VII. Democracy and psychoanalysis

Psychoanalysis shares a structural affinity with democracy.

In analysis, too, there is no ultimate truth and no final closure. That is what links it to democracy understood as a framework of the unfinished: both refuse closure.

The analyst opens a space where words take shape—without imposing a truth or erasing the analysand. There the subject comes to accept that not everything can be said, that there is no “Other of the Other,” that life is traversed by lack. That is also what democracy requires: subjects who can live with disagreement without demanding an absolute resolution.

Psychoanalysis unsettles, displaces, insists on what does not fit. That makes it “democratic” in a deep sense—not institutional but structural. A micro-political model of the same logic that democracy enacts at the macro level.

It is no accident, then, that Lefort and Lacan echo each other. Just as the subject is marked by the impossibility of completion, democracy is defined by the impossibility of power being embodied in a single figure. Both analysis and democracy institute a space in which lack itself becomes a condition.

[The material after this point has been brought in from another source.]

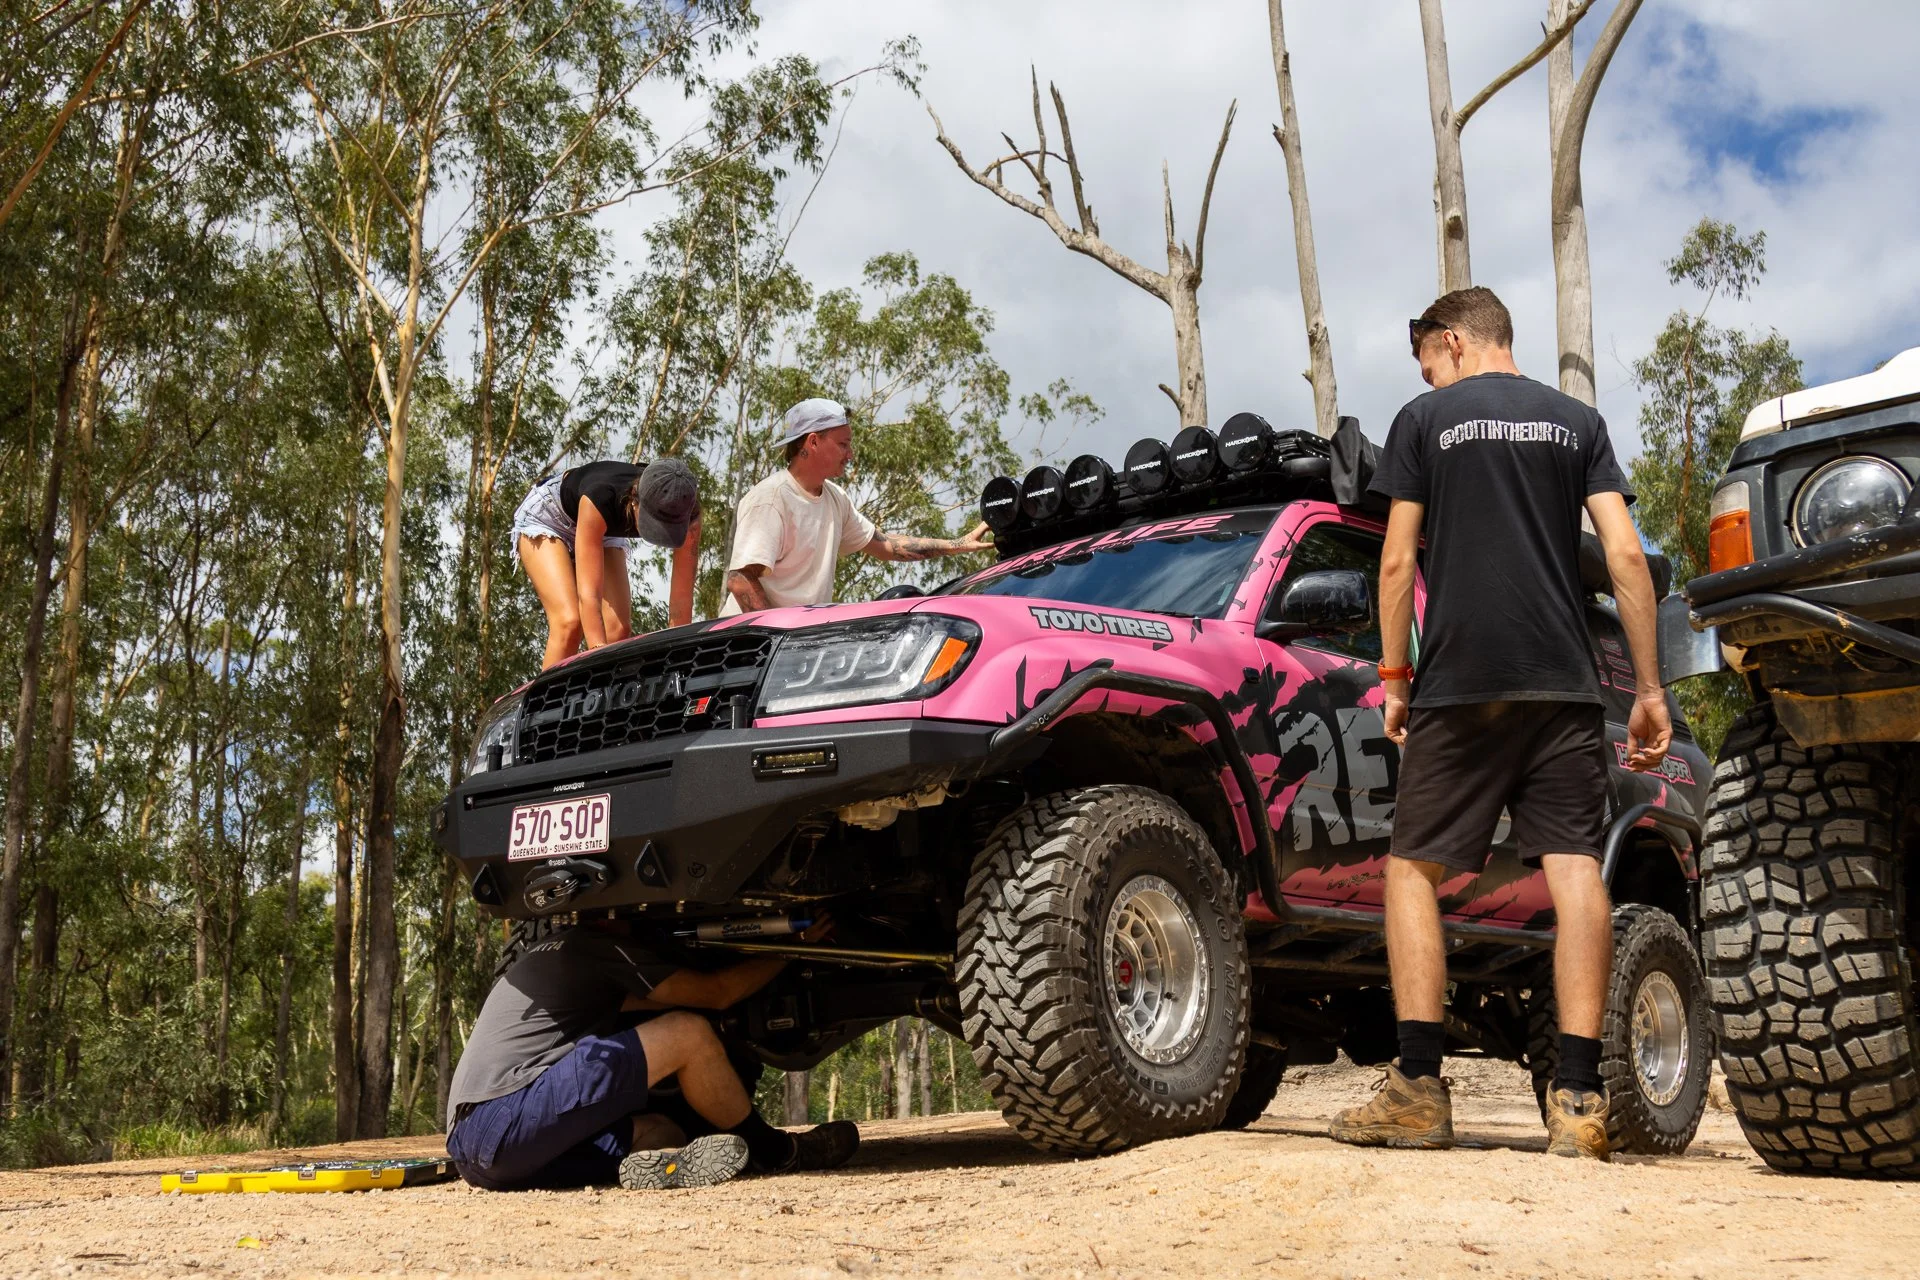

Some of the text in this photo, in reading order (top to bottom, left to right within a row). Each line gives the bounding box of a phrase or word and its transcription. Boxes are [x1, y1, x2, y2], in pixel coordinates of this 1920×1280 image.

Appendix. Democratic contingency

Both Lacan and Lefort are inscribed in a European tradition. Lacan thinks subjectivity through psychoanalysis, while Lefort conceives democracy as the “empty place of power” within the framework of the European modern experience (with 1789 as a decisive moment). There is a strong Western imprint here. The idea of incompleteness, of emptiness, of power that cannot be fully embodied, is tied to a political history (the end of absolute monarchy, secularization) and to a philosophical tradition (from medieval nominalism to modern humanism). In this sense, democracy as conceptualized by Lefort can be seen as a Western invention, with its architecture of rights, representation, and institutions.

The question, then, is whether there is a “democratic universal” or whether democracy is a historically particular regime. A Lefortian hypothesis would be that democracy is a Western particularity that nevertheless reveals a universal problem: no society can ever fully close the void of power. The Chinese Communist Party, for instance, presents itself as the historical continuity of a meritocratic-Confucian (non-liberal) model in which power is conceived as embodied in the Party, and ultimately in the figure of the leader. Yet even in systems of concentrated power, the void returns—in the form of internal tensions, bureaucratic struggles, or repressed protests. In other words, lack never disappears; it is only managed with different resources.

Thus, democracy is a historical, Western, and contingent way of organizing the void—not the only one. Its singularity lies in refusing to deny incompleteness, turning it instead into the very principle of politics.

— E.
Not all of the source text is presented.